I shake my head. “No. I can't imagine he does." Not a man who thrives on control.

“He left,” Mark says. “Drove.”

That snaps my attention back hard. “After drinking like that?”

“Yes,” Alex says. “Reckless. Out of character. Stupid.”

My jaw tightens. “Go on.”

“He went home with someone,” Mark says. “Did what he did.”

There it is. Why couldn't he just tell me that?

“And hated himself for it,” Alex adds immediately. “Not in a performative way. In a real one.”

I scoff. “That’s convenient.”

“I know how that sounds,” Alex says. “But he wasn’t proud. He wasn’t detached. He wasn’t even really present.”

“Then why do it,” I ask.

Mark meets my eyes. “Because it was the fastest way he knew to shut everything down, to act like himself again.”

I look away. “That’s pathetic.”

“Yes,” Alex agrees. “And a little disgusting.”

I glance back at him, surprised.

“He said all he could see was you,” Mark continues. “Even drunk. Even there. That didn’t stop him. It just made it worse afterward.”

I don’t say anything. I don’t need to. I walk back over to grab my wine.
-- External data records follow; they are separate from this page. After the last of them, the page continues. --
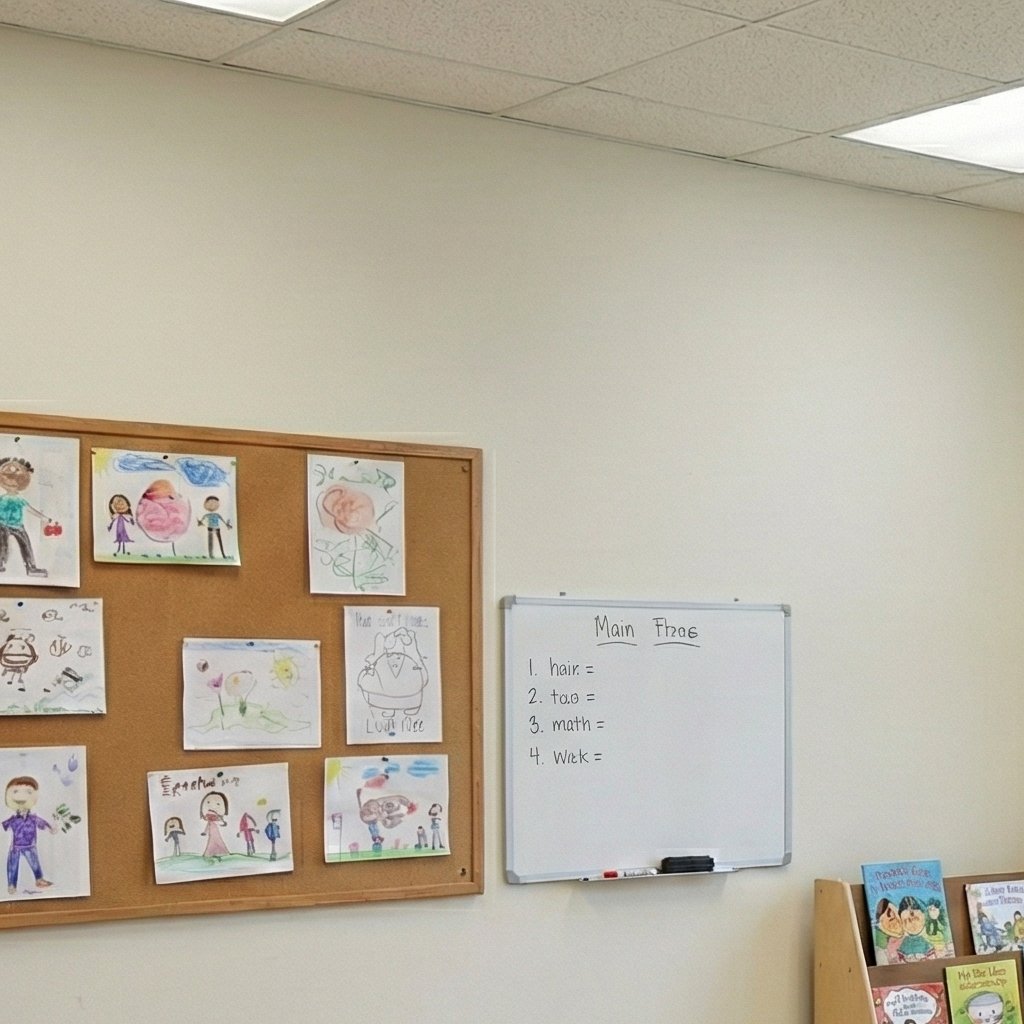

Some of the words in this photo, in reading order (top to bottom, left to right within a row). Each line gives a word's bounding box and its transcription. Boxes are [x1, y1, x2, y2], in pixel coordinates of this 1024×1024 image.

[594, 615, 635, 638] Main
[529, 658, 537, 676] 1.
[528, 687, 542, 704] 2.
[529, 715, 544, 734] 3.
[552, 716, 591, 731] math
[530, 747, 544, 765] 4.
Take a sip.

“That was before the gala,” Alex says.

Of course it was.

“And then came Chuck,” I say.

Alex rolls his eyes. “Jesus Christ, Chuck.”

“He wouldn’t shut up,” Mark says. “About you. He'd seen you at dinner with Derek. He kept going on about how impressive you are. How unexpected.”
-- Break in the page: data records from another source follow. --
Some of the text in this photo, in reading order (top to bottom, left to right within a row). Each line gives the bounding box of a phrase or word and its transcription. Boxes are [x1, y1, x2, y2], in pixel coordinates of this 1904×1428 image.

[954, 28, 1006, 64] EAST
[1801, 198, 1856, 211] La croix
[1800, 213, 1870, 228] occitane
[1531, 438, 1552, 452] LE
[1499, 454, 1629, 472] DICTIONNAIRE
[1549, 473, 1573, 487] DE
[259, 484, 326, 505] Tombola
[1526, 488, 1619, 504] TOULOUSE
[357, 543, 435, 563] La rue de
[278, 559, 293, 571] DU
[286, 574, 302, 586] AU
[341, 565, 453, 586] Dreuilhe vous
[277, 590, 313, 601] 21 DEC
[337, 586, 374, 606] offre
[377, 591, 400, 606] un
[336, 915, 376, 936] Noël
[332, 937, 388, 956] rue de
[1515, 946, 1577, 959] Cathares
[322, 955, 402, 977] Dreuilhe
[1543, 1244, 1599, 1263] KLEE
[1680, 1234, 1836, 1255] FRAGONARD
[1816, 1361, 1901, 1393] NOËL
“How Derek must be enjoying the upgrade,” I add.

Alex grimaces. “Yeah. That.”

“He told him to shut the fuck up,” Mark says.
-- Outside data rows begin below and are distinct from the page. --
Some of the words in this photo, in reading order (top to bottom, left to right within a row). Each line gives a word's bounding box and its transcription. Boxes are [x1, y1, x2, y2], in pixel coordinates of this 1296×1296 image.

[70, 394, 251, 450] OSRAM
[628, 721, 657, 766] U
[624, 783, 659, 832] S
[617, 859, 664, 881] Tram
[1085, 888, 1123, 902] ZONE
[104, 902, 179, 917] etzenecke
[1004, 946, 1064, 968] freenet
“Publicly,” Alex adds. “No smoothing it over. No smile.”

“That’s not like him,” I say quietly. That could damage both his reputation and his company.

“No,” Mark agrees. “He only does that when something actually matters.”

That means a lot more than I want it to.

“And Chuck joked about how long it would last,” Alex says.

I close my eyes.

“We handled Chuck,” Mark continues. “That won’t be a problem again.”

“I figured,” I say.

Silence stretches.

Alex finally says, “We didn’t come here to excuse him.”

Mark nods. “Or to ask you to fix anything.”

“Then why are you here,” I ask. “This isn’t easy for me either.”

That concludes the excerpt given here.